**Exercise requirements:** All lines from the one containing "this 1672×941 image." through the last line below must be duplicated exactly, with nothing outside that span.

**Dataset entries:**
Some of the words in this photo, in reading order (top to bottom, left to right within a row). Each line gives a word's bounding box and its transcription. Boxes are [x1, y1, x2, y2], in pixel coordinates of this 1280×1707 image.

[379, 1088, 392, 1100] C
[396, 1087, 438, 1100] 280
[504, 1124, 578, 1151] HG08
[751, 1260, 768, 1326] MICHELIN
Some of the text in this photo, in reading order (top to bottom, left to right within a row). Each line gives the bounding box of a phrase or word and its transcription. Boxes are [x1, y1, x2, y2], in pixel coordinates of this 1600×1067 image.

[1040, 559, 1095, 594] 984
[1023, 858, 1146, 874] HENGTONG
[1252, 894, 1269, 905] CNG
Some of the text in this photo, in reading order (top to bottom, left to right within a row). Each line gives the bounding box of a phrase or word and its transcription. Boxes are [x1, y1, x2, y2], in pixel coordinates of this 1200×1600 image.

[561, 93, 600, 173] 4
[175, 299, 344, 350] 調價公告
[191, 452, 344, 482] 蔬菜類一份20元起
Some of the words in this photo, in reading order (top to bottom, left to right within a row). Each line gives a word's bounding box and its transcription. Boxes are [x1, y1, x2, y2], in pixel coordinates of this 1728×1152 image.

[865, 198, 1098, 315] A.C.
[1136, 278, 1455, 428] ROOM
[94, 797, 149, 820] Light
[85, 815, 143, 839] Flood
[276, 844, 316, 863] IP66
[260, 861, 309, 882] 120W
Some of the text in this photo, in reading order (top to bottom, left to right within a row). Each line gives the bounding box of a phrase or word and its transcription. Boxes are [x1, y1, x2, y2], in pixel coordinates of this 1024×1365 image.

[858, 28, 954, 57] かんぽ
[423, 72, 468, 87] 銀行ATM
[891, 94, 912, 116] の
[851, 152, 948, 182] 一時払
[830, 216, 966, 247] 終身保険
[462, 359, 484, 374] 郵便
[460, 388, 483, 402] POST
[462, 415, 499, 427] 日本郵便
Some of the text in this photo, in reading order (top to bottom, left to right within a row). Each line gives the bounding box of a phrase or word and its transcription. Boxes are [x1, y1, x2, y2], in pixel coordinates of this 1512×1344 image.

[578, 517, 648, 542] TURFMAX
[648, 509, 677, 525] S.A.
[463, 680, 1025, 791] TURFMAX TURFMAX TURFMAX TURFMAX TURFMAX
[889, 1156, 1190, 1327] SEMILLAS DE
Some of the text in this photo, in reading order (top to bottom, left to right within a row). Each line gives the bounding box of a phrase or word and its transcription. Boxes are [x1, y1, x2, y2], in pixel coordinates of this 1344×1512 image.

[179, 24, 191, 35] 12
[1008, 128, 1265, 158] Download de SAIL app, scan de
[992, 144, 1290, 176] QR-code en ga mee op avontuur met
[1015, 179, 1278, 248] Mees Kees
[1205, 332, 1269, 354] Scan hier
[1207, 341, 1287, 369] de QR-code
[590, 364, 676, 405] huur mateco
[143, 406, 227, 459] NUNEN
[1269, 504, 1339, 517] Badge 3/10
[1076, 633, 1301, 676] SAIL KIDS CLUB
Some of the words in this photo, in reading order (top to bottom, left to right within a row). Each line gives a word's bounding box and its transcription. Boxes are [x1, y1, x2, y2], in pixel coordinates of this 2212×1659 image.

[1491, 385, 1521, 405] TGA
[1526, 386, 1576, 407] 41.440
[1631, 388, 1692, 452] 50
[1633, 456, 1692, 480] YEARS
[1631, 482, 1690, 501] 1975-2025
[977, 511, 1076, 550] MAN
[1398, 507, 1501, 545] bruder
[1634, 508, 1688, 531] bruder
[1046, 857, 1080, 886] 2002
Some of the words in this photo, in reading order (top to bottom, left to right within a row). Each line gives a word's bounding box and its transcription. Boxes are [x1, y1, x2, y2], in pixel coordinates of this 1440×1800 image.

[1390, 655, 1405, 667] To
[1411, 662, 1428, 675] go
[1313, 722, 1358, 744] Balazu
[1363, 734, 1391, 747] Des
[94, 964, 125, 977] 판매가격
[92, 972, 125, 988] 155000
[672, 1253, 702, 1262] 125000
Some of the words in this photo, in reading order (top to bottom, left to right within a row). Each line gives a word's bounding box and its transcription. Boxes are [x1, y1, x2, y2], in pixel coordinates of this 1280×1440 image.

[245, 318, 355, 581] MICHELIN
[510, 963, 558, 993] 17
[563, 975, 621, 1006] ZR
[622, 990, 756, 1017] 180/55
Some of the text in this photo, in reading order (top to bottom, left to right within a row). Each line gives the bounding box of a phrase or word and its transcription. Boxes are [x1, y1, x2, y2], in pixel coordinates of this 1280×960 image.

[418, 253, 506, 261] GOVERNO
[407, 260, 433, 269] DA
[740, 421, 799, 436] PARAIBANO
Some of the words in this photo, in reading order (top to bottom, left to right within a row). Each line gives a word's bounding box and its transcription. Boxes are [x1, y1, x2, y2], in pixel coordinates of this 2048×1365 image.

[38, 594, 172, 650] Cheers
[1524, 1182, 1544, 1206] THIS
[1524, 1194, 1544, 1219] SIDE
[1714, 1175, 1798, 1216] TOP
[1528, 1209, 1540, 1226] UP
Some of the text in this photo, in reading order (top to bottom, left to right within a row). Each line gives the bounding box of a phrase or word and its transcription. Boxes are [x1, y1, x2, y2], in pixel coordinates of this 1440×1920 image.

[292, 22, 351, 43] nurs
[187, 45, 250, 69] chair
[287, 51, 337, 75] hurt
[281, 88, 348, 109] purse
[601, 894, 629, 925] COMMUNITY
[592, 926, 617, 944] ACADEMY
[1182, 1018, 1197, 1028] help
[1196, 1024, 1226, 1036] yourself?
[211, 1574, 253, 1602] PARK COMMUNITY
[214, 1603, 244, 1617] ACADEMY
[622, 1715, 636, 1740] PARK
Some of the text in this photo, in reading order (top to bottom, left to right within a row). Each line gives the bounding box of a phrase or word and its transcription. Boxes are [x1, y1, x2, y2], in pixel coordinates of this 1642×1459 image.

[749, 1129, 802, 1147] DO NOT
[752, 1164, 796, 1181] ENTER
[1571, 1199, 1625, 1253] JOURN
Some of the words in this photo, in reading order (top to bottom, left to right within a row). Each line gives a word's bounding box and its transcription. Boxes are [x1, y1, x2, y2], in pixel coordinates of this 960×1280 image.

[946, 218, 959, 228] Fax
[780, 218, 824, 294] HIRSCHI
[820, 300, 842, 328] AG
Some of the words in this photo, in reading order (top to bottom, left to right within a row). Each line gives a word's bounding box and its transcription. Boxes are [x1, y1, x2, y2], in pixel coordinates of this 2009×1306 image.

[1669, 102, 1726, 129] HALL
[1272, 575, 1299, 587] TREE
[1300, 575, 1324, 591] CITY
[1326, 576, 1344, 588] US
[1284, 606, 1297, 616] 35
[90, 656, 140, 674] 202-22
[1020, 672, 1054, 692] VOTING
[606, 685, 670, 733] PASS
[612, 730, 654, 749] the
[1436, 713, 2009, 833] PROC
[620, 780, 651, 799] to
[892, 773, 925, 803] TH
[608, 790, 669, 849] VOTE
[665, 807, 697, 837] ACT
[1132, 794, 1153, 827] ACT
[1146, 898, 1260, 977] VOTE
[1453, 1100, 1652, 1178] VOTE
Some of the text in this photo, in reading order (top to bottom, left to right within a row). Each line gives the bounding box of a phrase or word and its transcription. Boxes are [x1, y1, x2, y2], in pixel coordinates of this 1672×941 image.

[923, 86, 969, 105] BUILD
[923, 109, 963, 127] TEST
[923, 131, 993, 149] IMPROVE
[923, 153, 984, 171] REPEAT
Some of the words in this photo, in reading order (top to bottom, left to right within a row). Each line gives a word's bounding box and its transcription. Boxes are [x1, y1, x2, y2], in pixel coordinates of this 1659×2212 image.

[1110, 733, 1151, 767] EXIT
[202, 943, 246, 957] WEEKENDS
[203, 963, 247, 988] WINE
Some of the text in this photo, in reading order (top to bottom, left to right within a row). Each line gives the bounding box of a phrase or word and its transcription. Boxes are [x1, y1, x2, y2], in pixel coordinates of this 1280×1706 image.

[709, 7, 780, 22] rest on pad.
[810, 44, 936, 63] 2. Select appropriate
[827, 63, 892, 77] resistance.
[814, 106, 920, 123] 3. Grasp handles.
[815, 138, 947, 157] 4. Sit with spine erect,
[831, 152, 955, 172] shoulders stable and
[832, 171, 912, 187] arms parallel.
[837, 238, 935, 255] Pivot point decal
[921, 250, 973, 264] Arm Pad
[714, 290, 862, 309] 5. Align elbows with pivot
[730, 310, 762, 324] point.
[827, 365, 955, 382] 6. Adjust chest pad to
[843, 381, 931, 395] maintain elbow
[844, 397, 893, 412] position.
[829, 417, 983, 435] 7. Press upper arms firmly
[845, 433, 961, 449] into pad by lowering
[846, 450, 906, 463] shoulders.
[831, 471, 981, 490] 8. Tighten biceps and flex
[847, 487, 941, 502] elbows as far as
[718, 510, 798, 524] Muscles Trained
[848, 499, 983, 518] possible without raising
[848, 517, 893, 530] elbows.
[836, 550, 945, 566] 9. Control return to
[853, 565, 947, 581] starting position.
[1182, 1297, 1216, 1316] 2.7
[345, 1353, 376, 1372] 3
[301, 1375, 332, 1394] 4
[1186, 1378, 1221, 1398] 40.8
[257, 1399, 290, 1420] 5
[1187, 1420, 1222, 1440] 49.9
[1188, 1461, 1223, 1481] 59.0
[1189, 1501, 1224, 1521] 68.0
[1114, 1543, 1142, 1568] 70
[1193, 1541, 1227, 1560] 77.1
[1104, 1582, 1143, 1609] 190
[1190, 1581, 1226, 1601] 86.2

**Answer space:**
Some of the text in this photo, in reading order (top to bottom, left to right within a row). Each line gives the bounding box of a phrase or word and its transcription. Boxes are [x1, y1, x2, y2], in pixel coordinates of this 1672×941 image.

[923, 86, 969, 105] BUILD
[923, 109, 963, 127] TEST
[923, 131, 993, 149] IMPROVE
[923, 153, 984, 171] REPEAT
Some of the words in this photo, in reading order (top to bottom, left to right within a row). Each line gives a word's bounding box and its transcription. Boxes are [x1, y1, x2, y2], in pixel coordinates of this 1659×2212 image.

[1110, 733, 1151, 767] EXIT
[202, 943, 246, 957] WEEKENDS
[203, 963, 247, 988] WINE
Some of the text in this photo, in reading order (top to bottom, left to right within a row). Each line gives the bounding box of a phrase or word and its transcription. Boxes are [x1, y1, x2, y2], in pixel coordinates of this 1280×1706 image.

[709, 7, 780, 22] rest on pad.
[810, 44, 936, 63] 2. Select appropriate
[827, 63, 892, 77] resistance.
[814, 106, 920, 123] 3. Grasp handles.
[815, 138, 947, 157] 4. Sit with spine erect,
[831, 152, 955, 172] shoulders stable and
[832, 171, 912, 187] arms parallel.
[837, 238, 935, 255] Pivot point decal
[921, 250, 973, 264] Arm Pad
[714, 290, 862, 309] 5. Align elbows with pivot
[730, 310, 762, 324] point.
[827, 365, 955, 382] 6. Adjust chest pad to
[843, 381, 931, 395] maintain elbow
[844, 397, 893, 412] position.
[829, 417, 983, 435] 7. Press upper arms firmly
[845, 433, 961, 449] into pad by lowering
[846, 450, 906, 463] shoulders.
[831, 471, 981, 490] 8. Tighten biceps and flex
[847, 487, 941, 502] elbows as far as
[718, 510, 798, 524] Muscles Trained
[848, 499, 983, 518] possible without raising
[848, 517, 893, 530] elbows.
[836, 550, 945, 566] 9. Control return to
[853, 565, 947, 581] starting position.
[1182, 1297, 1216, 1316] 2.7
[345, 1353, 376, 1372] 3
[301, 1375, 332, 1394] 4
[1186, 1378, 1221, 1398] 40.8
[257, 1399, 290, 1420] 5
[1187, 1420, 1222, 1440] 49.9
[1188, 1461, 1223, 1481] 59.0
[1189, 1501, 1224, 1521] 68.0
[1114, 1543, 1142, 1568] 70
[1193, 1541, 1227, 1560] 77.1
[1104, 1582, 1143, 1609] 190
[1190, 1581, 1226, 1601] 86.2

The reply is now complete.